I like playing a fraudster. Every time I call one of my service providers, I play a little game of persuading the agent to skip parts of the authentication process just for fun. I am always surprised how easy it is to psychologically manipulate an agent. And I’m not a fraudster.

You might think that all fraudsters are professional hackers with exceptional technical skills. But in fact, most of the fraud in contact centres is perpetrated by fraudsters who master the social skills rather than the technical ones. It is the human interaction with the contact centre agent that creates opportunities for these fraudsters.

What is Social Engineering and How Does It Work?

Social engineering is the psychological manipulation of people into performing actions or divulging confidential information. Because it works so well it is being used in over 65% of all attacks in the phone channel.

To protect from social engineering, it’s important to understand what you’re up against. There are a few typical tactics used by fraudsters to manipulate contact centre agents into skipping parts of the authentication process or to give out personal details.

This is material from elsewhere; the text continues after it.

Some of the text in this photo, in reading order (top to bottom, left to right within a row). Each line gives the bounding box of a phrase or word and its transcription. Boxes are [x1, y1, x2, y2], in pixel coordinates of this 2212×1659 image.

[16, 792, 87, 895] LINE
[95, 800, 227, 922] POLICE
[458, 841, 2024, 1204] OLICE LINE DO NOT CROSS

Psychology plays a strong role in social engineering. Fraudsters rely on the power of human vulnerability to complete their scam, and often rely on fear to manipulate.

If a fraudster can combine an agent’s desire to help while introducing fear, they are more likely to have that agent act against procedures built to keep fraudsters away.

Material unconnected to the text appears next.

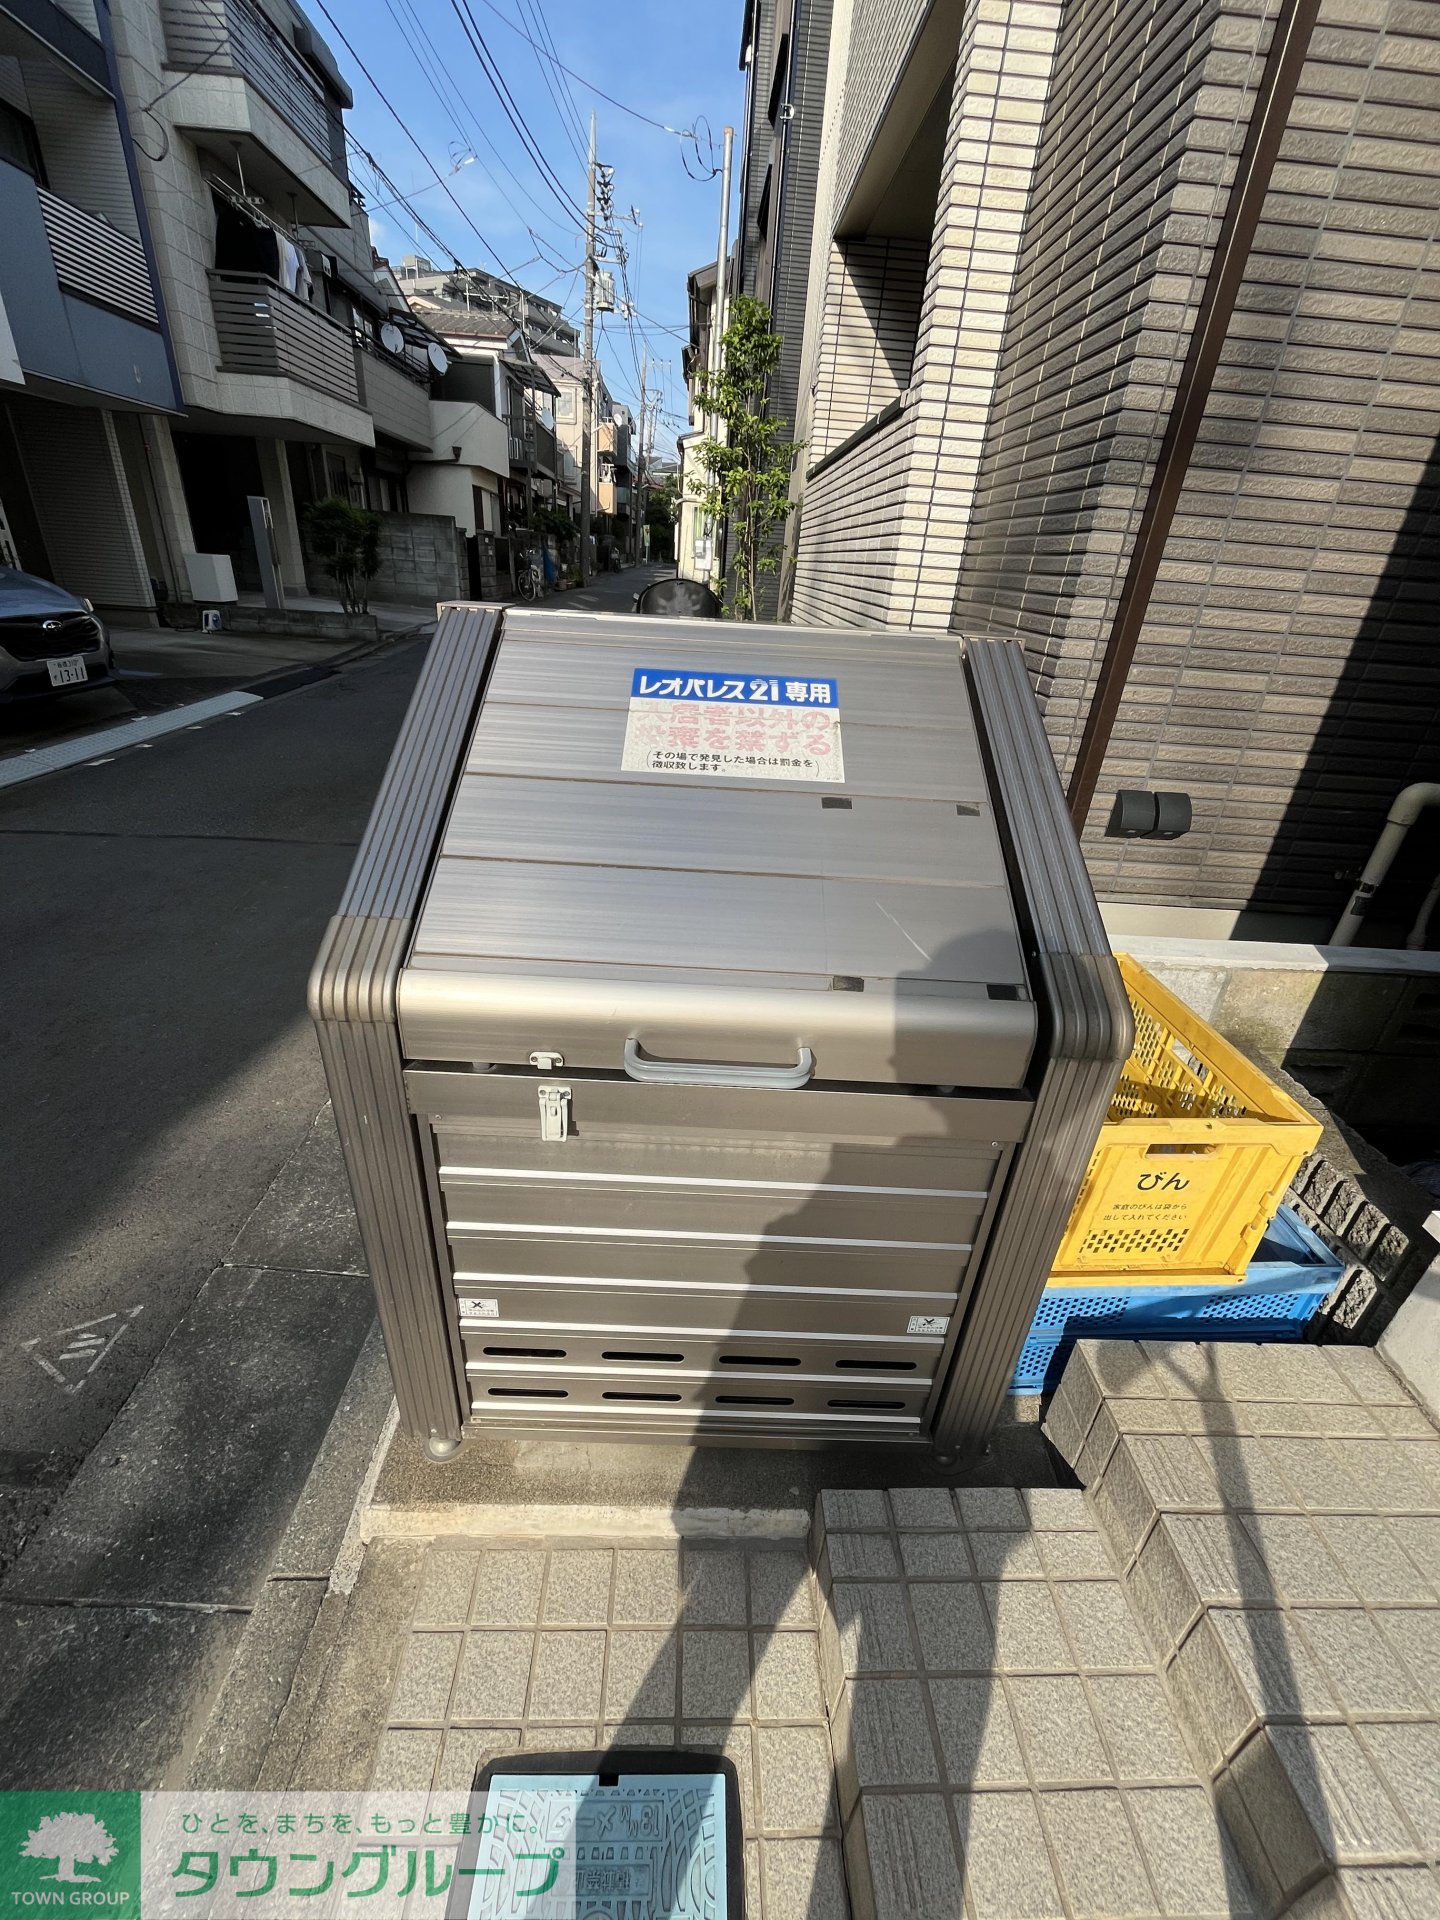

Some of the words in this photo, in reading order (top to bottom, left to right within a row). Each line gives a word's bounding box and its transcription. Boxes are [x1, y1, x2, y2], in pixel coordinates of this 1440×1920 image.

If a fraudster can impart a sense of authority over an agent, such as saying, “I could have you fired” and “don’t you know who I am?” the agent will likely instinctual react to pain or danger avoidance and try to resolve the issue quickly without further complications.

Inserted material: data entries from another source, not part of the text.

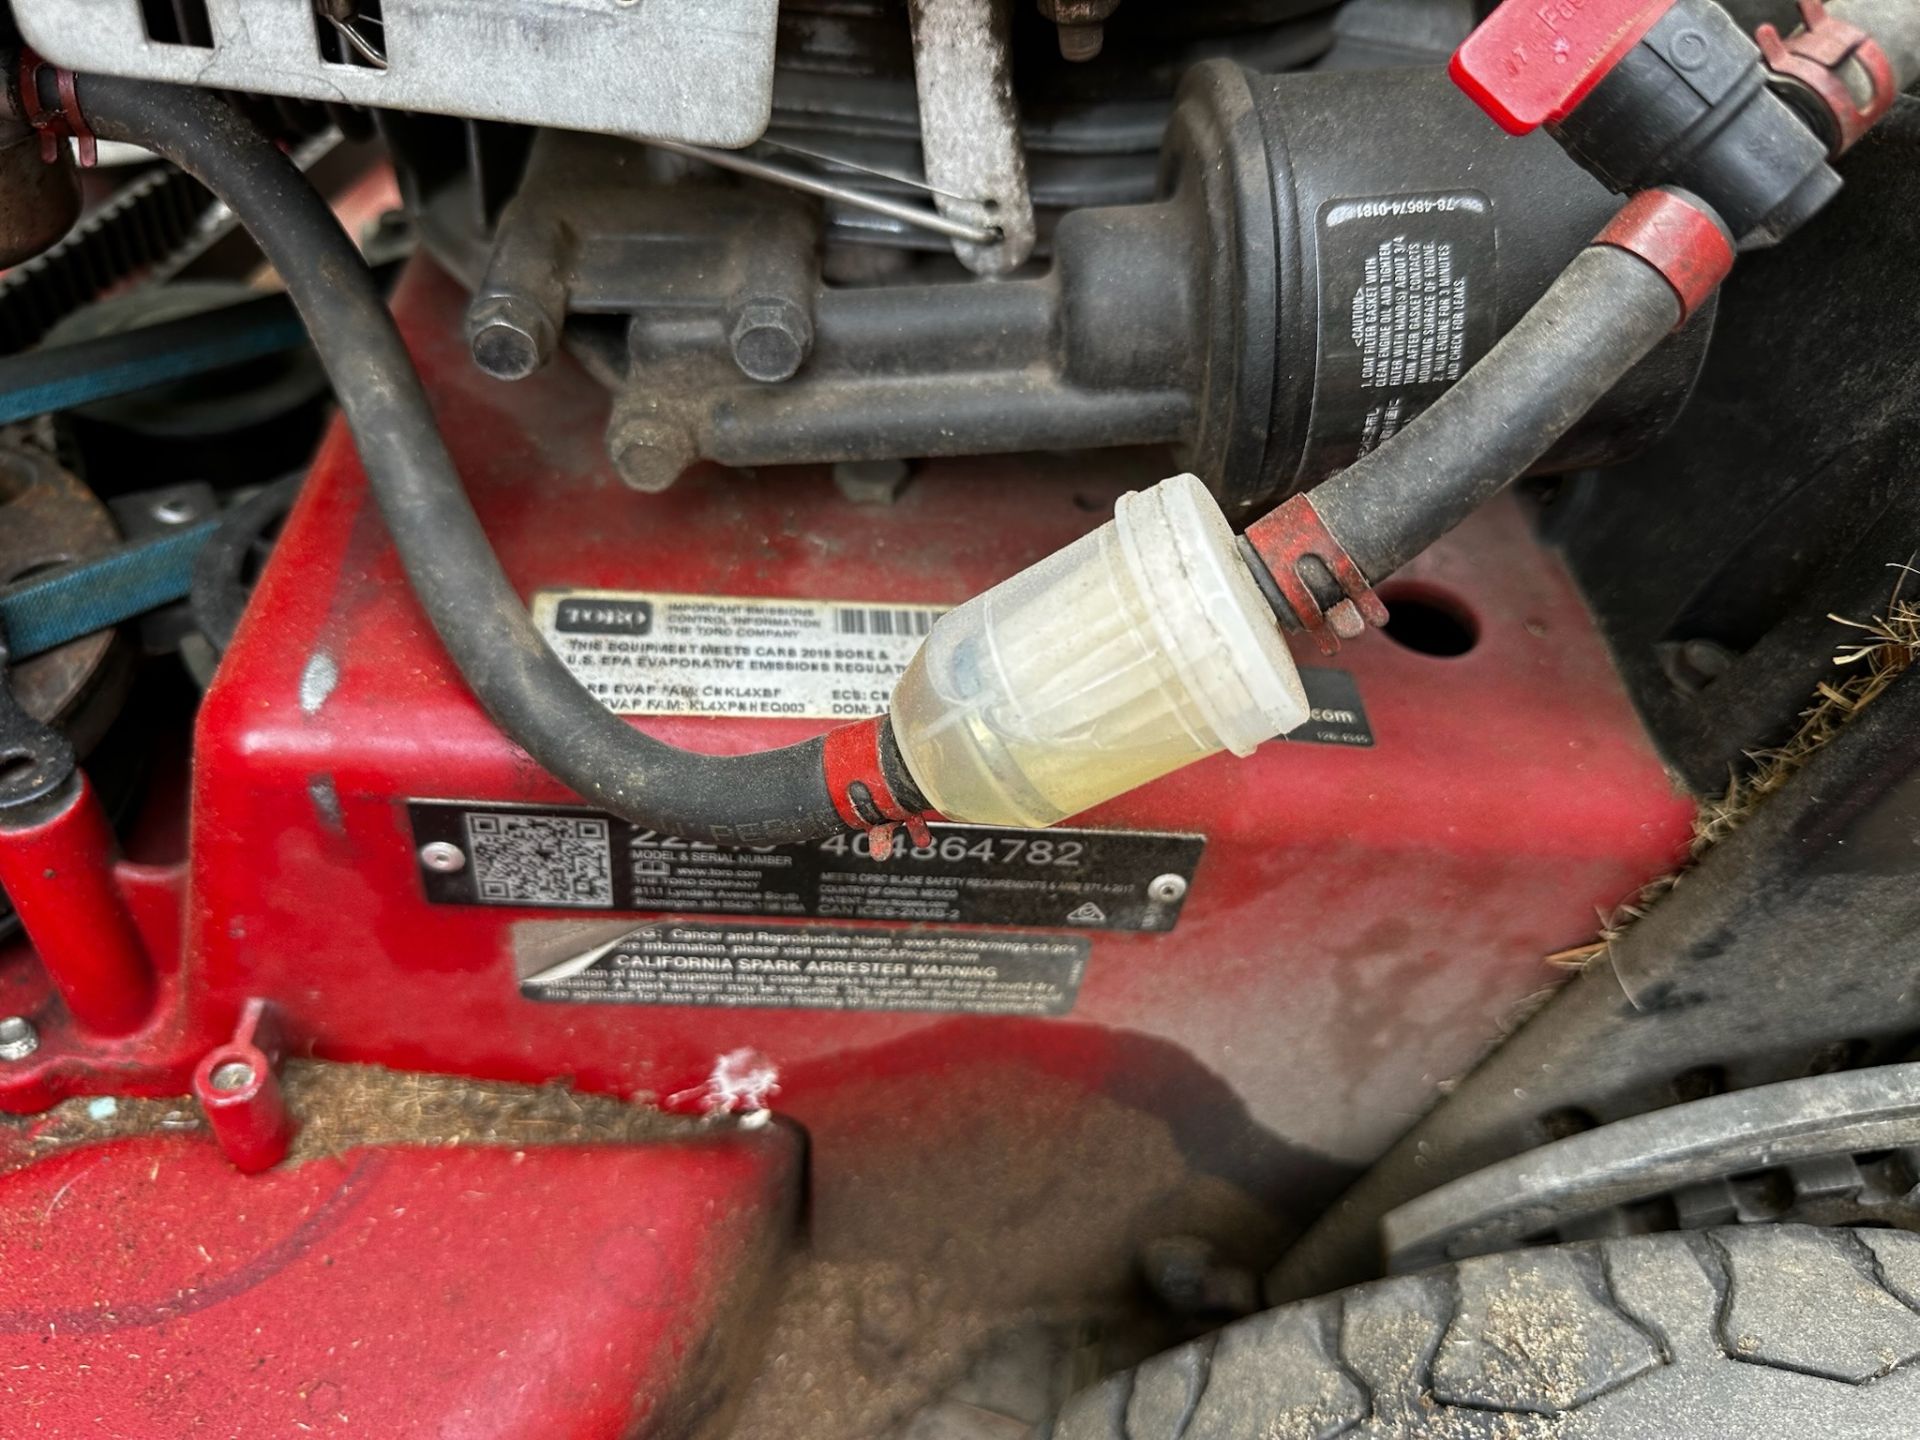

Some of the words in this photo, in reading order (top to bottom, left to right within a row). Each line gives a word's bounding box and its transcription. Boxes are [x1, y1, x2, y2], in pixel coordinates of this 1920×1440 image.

[1393, 235, 1406, 254] 3/4
[1365, 257, 1378, 285] WITH
[1379, 240, 1393, 284] TIGHTEN
[1394, 257, 1407, 288] ABOUT
[1408, 243, 1421, 291] CONTACTS
[1438, 244, 1451, 287] MINUTES
[1381, 285, 1392, 306] AND
[1424, 280, 1436, 293] OF
[1453, 276, 1466, 310] LEAKS.
[1352, 287, 1365, 347] <CAUTION>
[1365, 287, 1378, 323] GASKET
[1380, 308, 1392, 324] OIL
[1394, 291, 1407, 331] HAND(S)
[1409, 295, 1421, 330] GASKET
[1423, 295, 1436, 336] SURFACE
[1438, 298, 1450, 317] FOR
[1452, 312, 1464, 331] FOR
[1364, 325, 1377, 355] FILTER
[1378, 325, 1392, 358] ENGINE
[1392, 333, 1405, 358] WITH
[1406, 332, 1420, 360] AFTER
[1436, 318, 1450, 352] ENGINE
[1449, 333, 1463, 361] CHECK
[1362, 357, 1376, 379] COAT
[1389, 359, 1403, 386] FILTER
[1418, 337, 1434, 384] MOUNTING
[1434, 353, 1447, 372] RUN
[1447, 361, 1459, 381] AND
[1375, 360, 1390, 388] CLEAN
[1403, 361, 1418, 385] TURN
[667, 613, 727, 626] CONTROL
[732, 616, 822, 629] INFORMATION
[667, 625, 693, 635] THE
[736, 628, 801, 639] COMPANY
[607, 641, 698, 655] EQUIPMENT
[700, 644, 751, 657] MEETS
[601, 655, 633, 668] EPA
[637, 657, 745, 671] EVAPORATIVE
[749, 660, 831, 673] EMISSIONS
[832, 703, 871, 715] DOM:
[632, 849, 677, 862] MODEL
[680, 851, 689, 862] &
[691, 851, 736, 864] SERIAL
[738, 853, 794, 867] NUMBER
[663, 876, 697, 888] TORO
[699, 878, 760, 890] COMPANY
[676, 866, 763, 879] www.toro.com
[890, 874, 924, 885] BLADE
[925, 876, 965, 887] SAFETY
[817, 903, 853, 915] CAN
[673, 928, 722, 941] Cancer
[727, 931, 754, 942] and
[757, 931, 851, 947] Reproductive
[733, 943, 780, 957] please
[615, 953, 735, 971] CALIFORNIA
[738, 957, 801, 972] SPARK
[803, 959, 907, 976] ARRESTER
[912, 962, 999, 979] WARNING

One of the most common tactics includes the use of diversions or distractions in the background of the calls, in order to confuse or distract the contact centre agent.

For example, a fraudster might play the sound of a crying baby in the background of the call. this is an effective distraction, as a baby’s cry might subconsciously create sympathy.

The louder the baby cries, the faster agents are willing to resolve the call for the “overwhelmed” fraudster calling.


Fraudsters are very successful playing off the human capacity for empathy to get contact centre agents to empathise with their fake predicaments.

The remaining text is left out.